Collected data

_ _ _

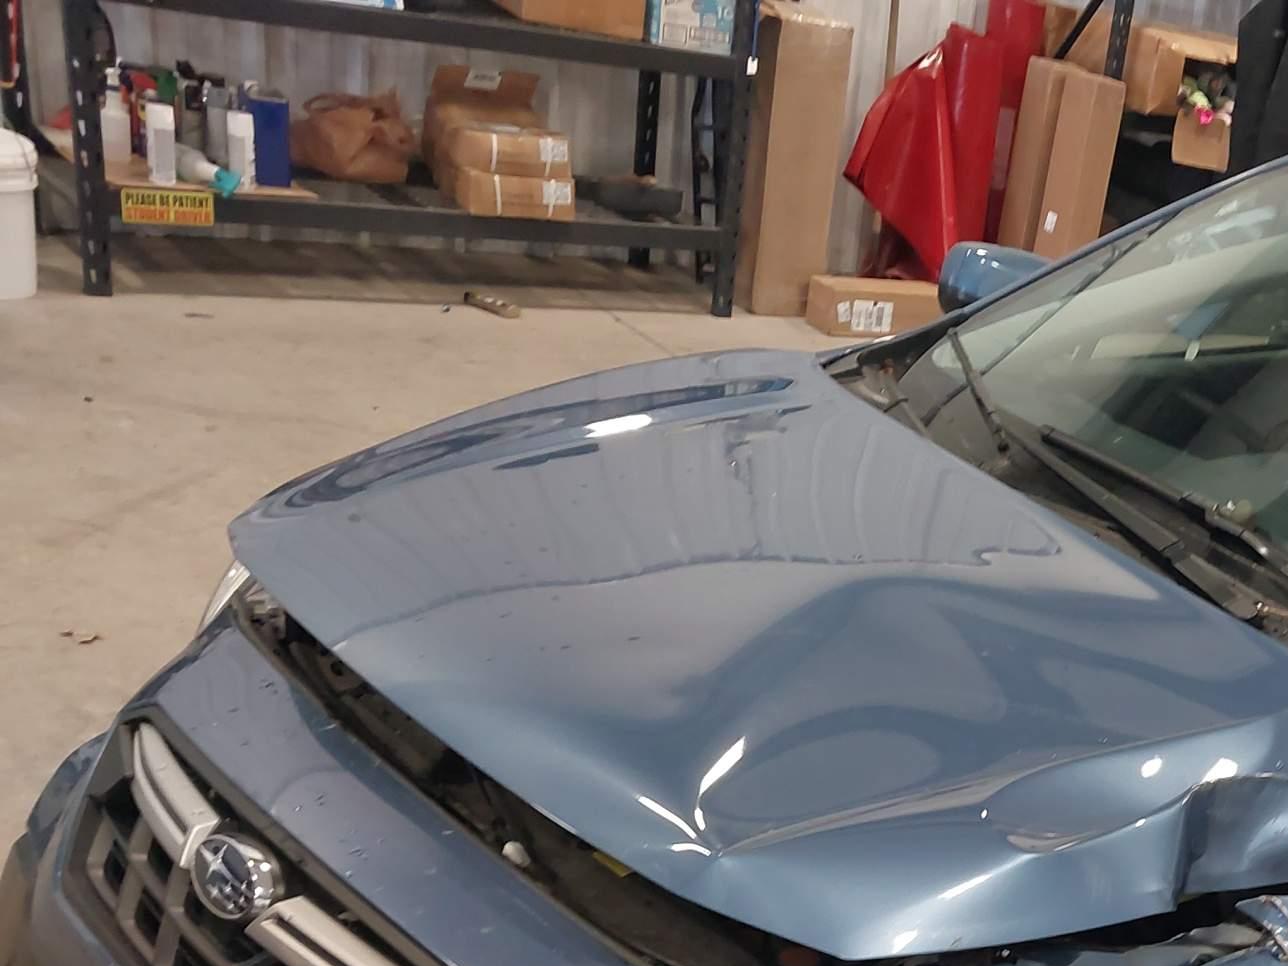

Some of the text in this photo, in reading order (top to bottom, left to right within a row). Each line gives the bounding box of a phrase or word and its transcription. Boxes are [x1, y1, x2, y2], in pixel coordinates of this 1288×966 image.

[125, 192, 210, 209] PLEASE BE PATIENT
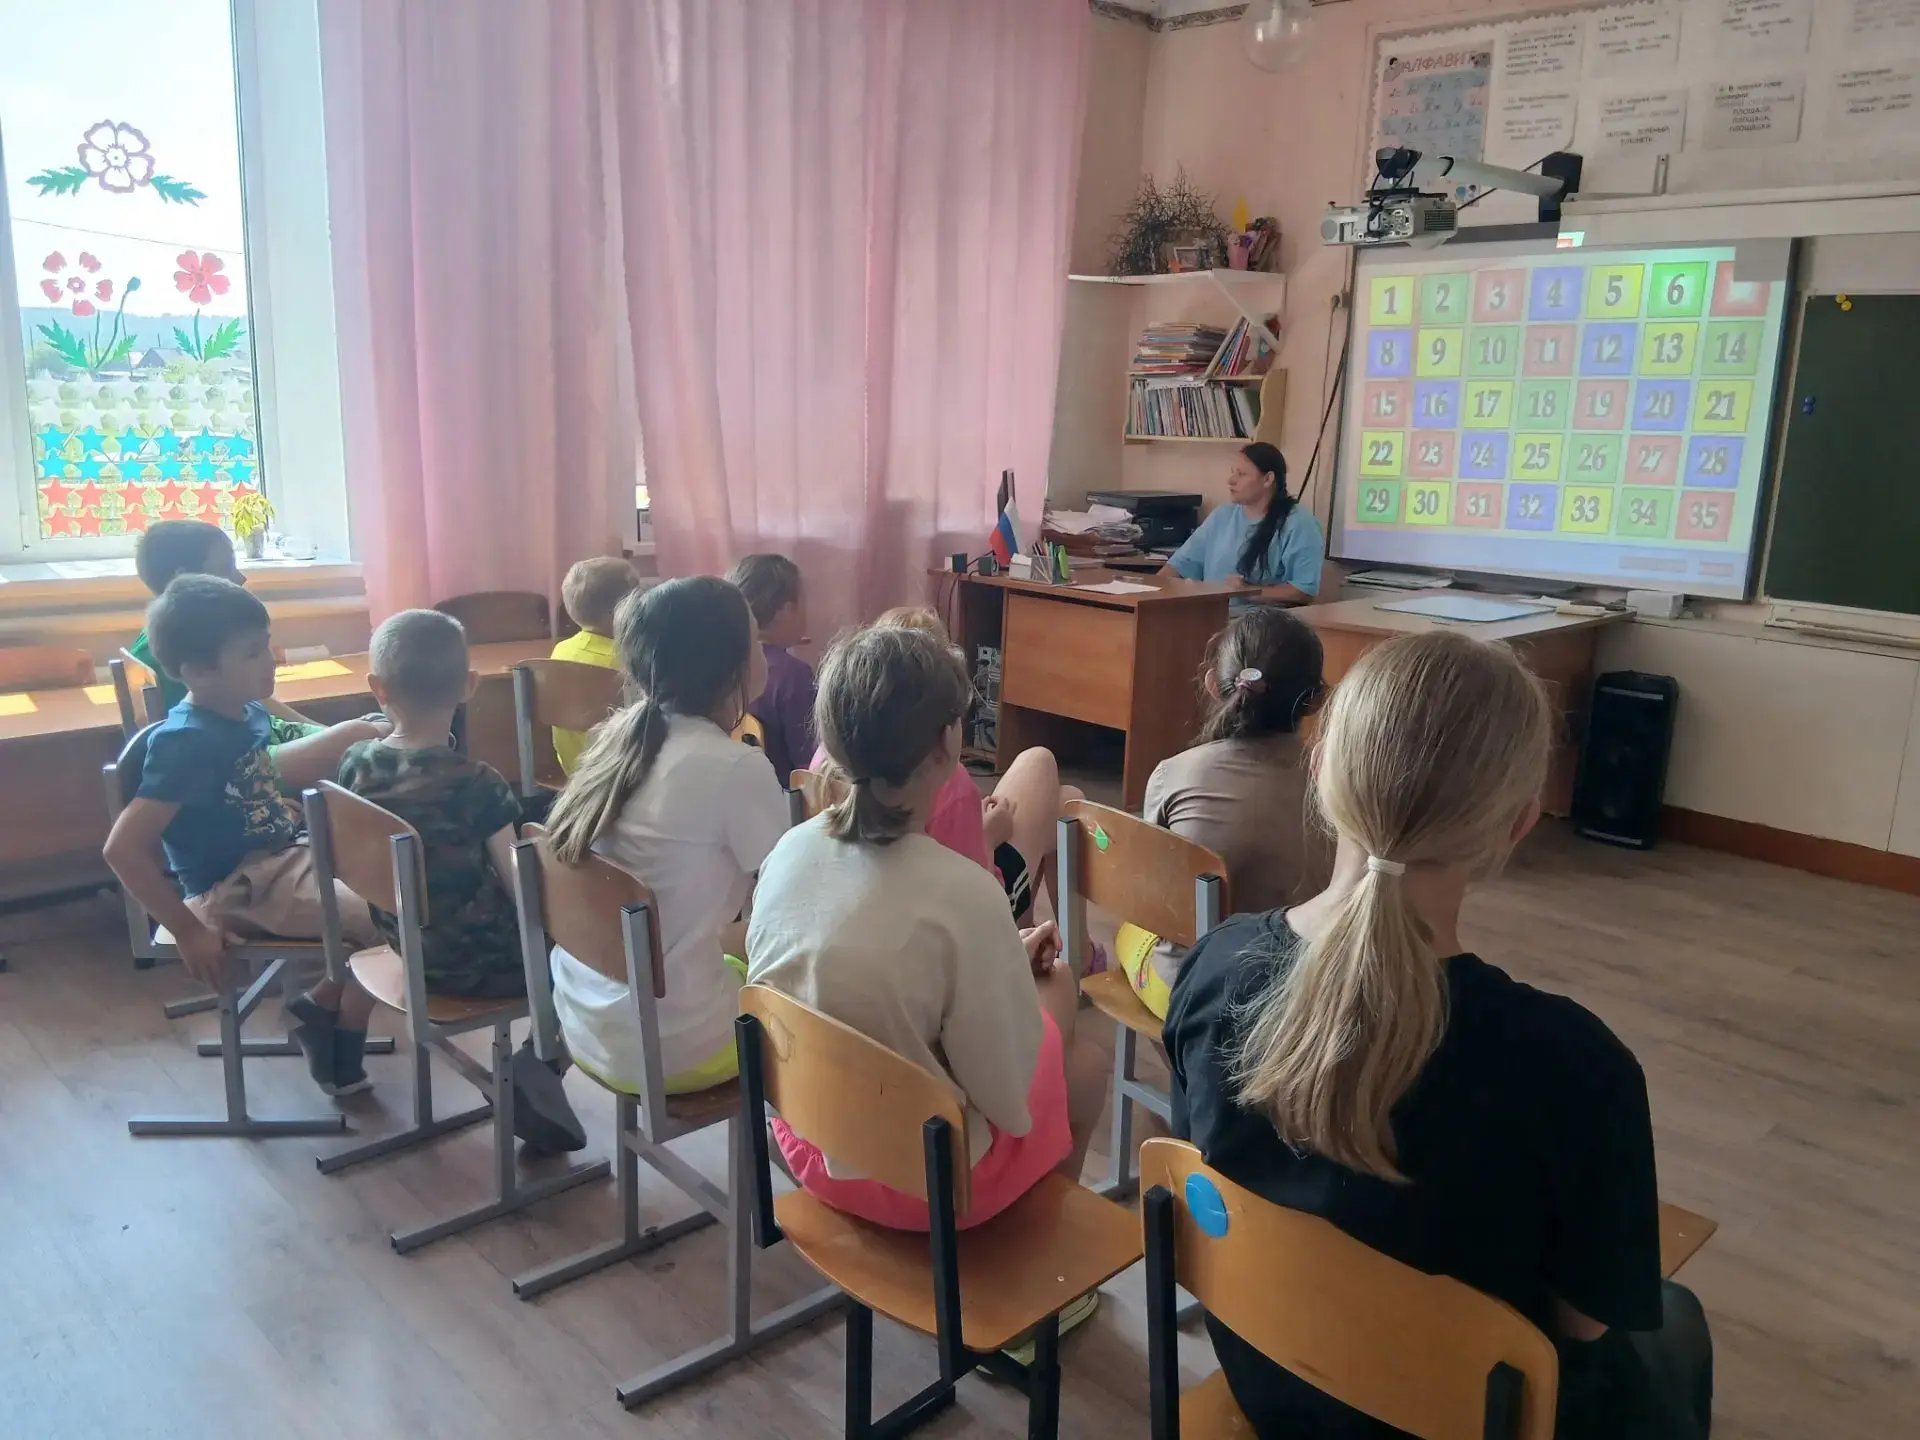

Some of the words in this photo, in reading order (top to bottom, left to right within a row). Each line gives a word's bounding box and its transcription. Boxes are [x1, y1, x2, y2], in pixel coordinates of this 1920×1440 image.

[1384, 286, 1396, 314] 1
[1435, 283, 1450, 312] 2
[1489, 281, 1506, 310] 3
[1547, 277, 1564, 308] 4
[1604, 274, 1624, 306] 5
[1667, 272, 1686, 305] 6
[1380, 340, 1394, 366] 8
[1432, 338, 1446, 366] 9
[1478, 336, 1506, 364] 10
[1533, 336, 1563, 364] 11
[1592, 334, 1622, 364] 12
[1652, 332, 1684, 364] 13
[1714, 332, 1748, 364] 14
[1372, 390, 1396, 416] 15
[1422, 390, 1448, 418] 16
[1474, 389, 1502, 418] 17
[1528, 390, 1556, 418] 18
[1585, 390, 1614, 418] 19
[1642, 390, 1676, 420] 20
[1704, 390, 1736, 421] 21
[1368, 440, 1394, 466] 22
[1418, 441, 1444, 466] 23
[1470, 441, 1496, 468] 24
[1520, 442, 1550, 470] 25
[1577, 444, 1608, 472] 26
[1636, 445, 1669, 472] 27
[1696, 446, 1730, 476] 28
[1366, 488, 1390, 513] 29
[1413, 490, 1440, 516] 30
[1466, 493, 1492, 518] 31
[1517, 494, 1542, 520] 32
[1570, 496, 1600, 523] 33
[1628, 498, 1658, 526] 34
[1688, 502, 1720, 530] 35

_ _ _

(Your assignment): Each entry, word for word, belongs in your answer; each picture does not.

(The completed task):
Some of the text in this photo, in reading order (top to bottom, left to right within a row). Each line gives the bounding box of a phrase or word and its transcription. Boxes are [x1, y1, x2, y2], in pixel coordinates of this 1288×966 image.

[125, 192, 210, 209] PLEASE BE PATIENT

Some of the words in this photo, in reading order (top to bottom, left to right within a row). Each line gives a word's bounding box and its transcription. Boxes are [x1, y1, x2, y2], in pixel coordinates of this 1920×1440 image.

[1384, 286, 1396, 314] 1
[1435, 283, 1450, 312] 2
[1489, 281, 1506, 310] 3
[1547, 277, 1564, 308] 4
[1604, 274, 1624, 306] 5
[1667, 272, 1686, 305] 6
[1380, 340, 1394, 366] 8
[1432, 338, 1446, 366] 9
[1478, 336, 1506, 364] 10
[1533, 336, 1563, 364] 11
[1592, 334, 1622, 364] 12
[1652, 332, 1684, 364] 13
[1714, 332, 1748, 364] 14
[1372, 390, 1396, 416] 15
[1422, 390, 1448, 418] 16
[1474, 389, 1502, 418] 17
[1528, 390, 1556, 418] 18
[1585, 390, 1614, 418] 19
[1642, 390, 1676, 420] 20
[1704, 390, 1736, 421] 21
[1368, 440, 1394, 466] 22
[1418, 441, 1444, 466] 23
[1470, 441, 1496, 468] 24
[1520, 442, 1550, 470] 25
[1577, 444, 1608, 472] 26
[1636, 445, 1669, 472] 27
[1696, 446, 1730, 476] 28
[1366, 488, 1390, 513] 29
[1413, 490, 1440, 516] 30
[1466, 493, 1492, 518] 31
[1517, 494, 1542, 520] 32
[1570, 496, 1600, 523] 33
[1628, 498, 1658, 526] 34
[1688, 502, 1720, 530] 35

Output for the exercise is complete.